* **Requirement**: Could you write out the records below exactly as they appear, leaving out any pictures?
BEGIN Records supplied
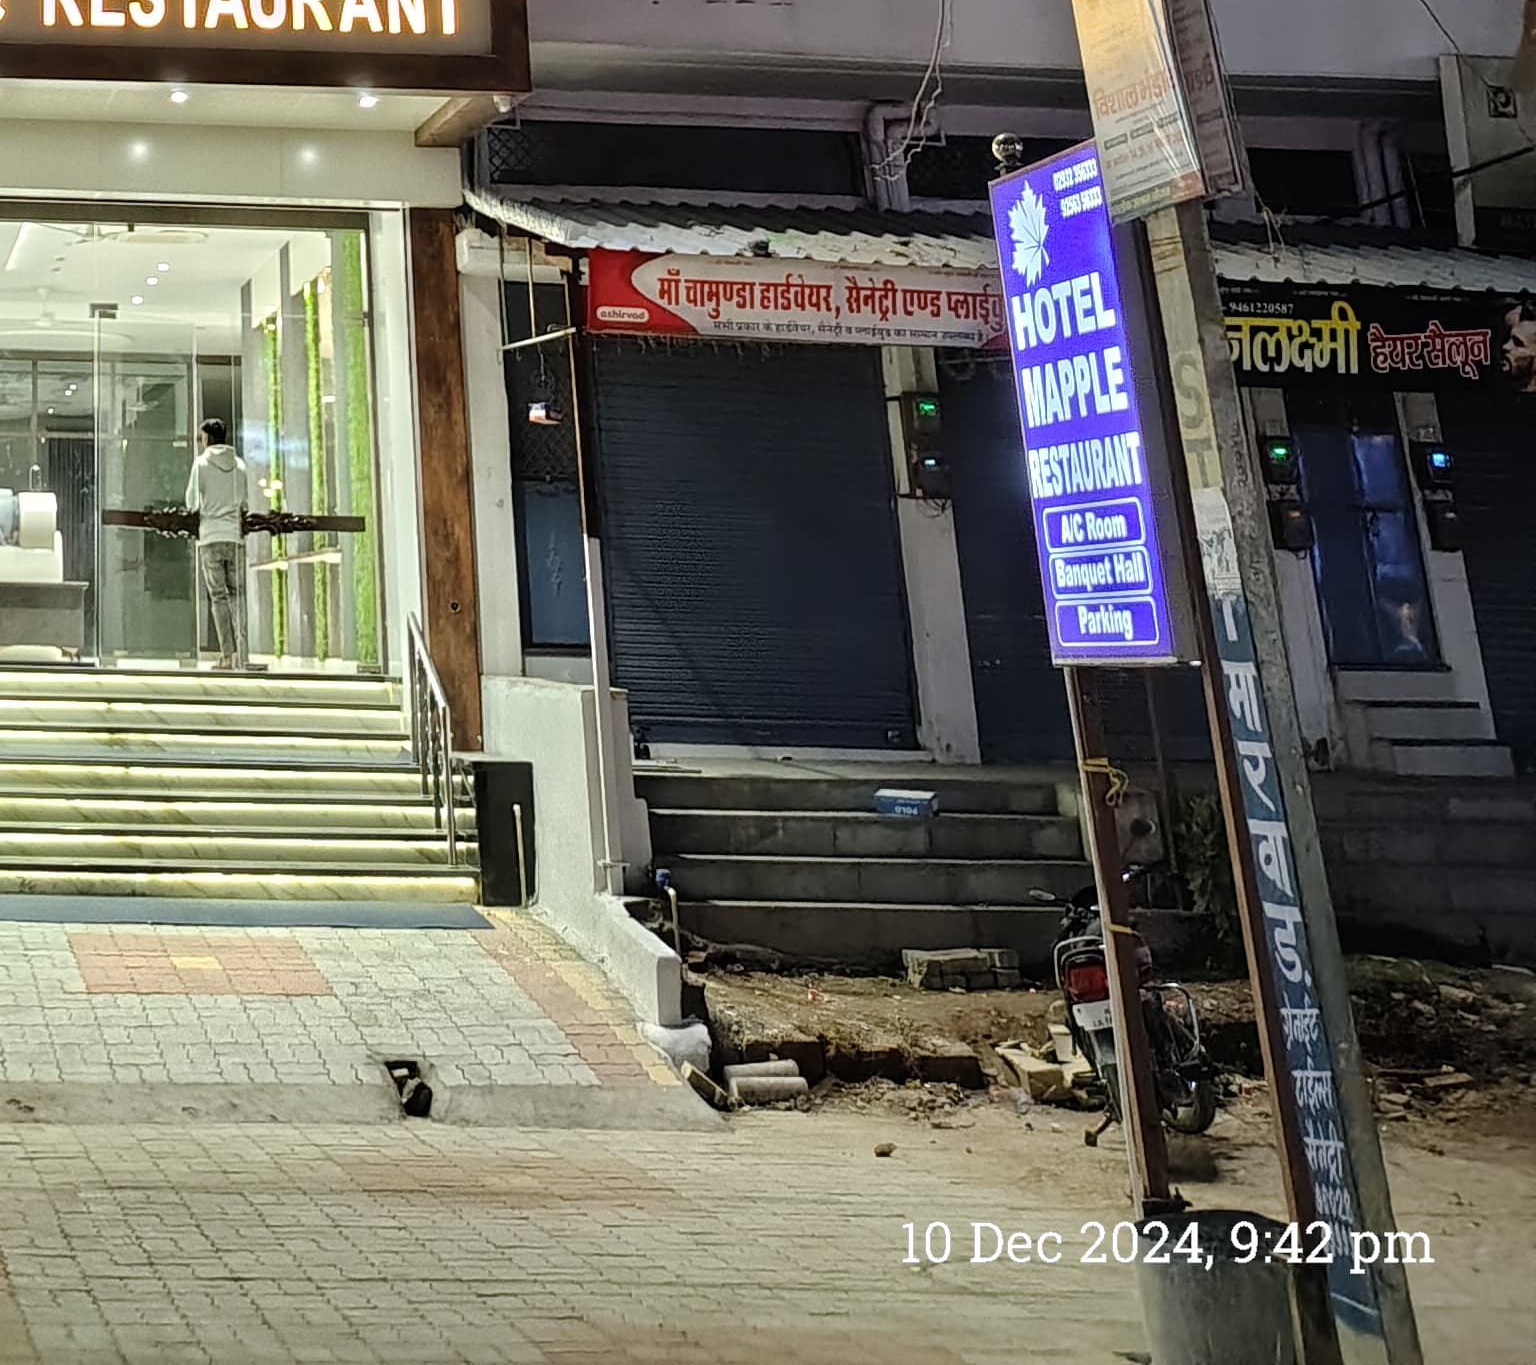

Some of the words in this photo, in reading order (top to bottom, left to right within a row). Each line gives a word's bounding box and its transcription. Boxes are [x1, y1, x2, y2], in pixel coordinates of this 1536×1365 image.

[600, 309, 645, 320] ashirvad
[657, 268, 681, 306] माँ
[684, 277, 757, 320] चामुण्डा
[759, 272, 841, 320] हार्डवेयर,
[845, 275, 898, 322] सैनेट्री
[901, 288, 942, 318] एण्ड
[1011, 271, 1116, 351] HOTEL
[1229, 301, 1294, 315] 9461220587
[1021, 345, 1129, 429] MAPPLE
[1028, 431, 1143, 500] RESTAURANT
[1061, 513, 1085, 544] A/C
[1085, 511, 1128, 542] Room
[1054, 555, 1113, 592] Banquet
[1113, 551, 1145, 585] Hall
[1077, 604, 1134, 641] Parking
END Records supplied
* **Task result**:
Some of the words in this photo, in reading order (top to bottom, left to right within a row). Each line gives a word's bounding box and its transcription. Boxes are [x1, y1, x2, y2], in pixel coordinates of this 1536×1365 image.

[600, 309, 645, 320] ashirvad
[657, 268, 681, 306] माँ
[684, 277, 757, 320] चामुण्डा
[759, 272, 841, 320] हार्डवेयर,
[845, 275, 898, 322] सैनेट्री
[901, 288, 942, 318] एण्ड
[1011, 271, 1116, 351] HOTEL
[1229, 301, 1294, 315] 9461220587
[1021, 345, 1129, 429] MAPPLE
[1028, 431, 1143, 500] RESTAURANT
[1061, 513, 1085, 544] A/C
[1085, 511, 1128, 542] Room
[1054, 555, 1113, 592] Banquet
[1113, 551, 1145, 585] Hall
[1077, 604, 1134, 641] Parking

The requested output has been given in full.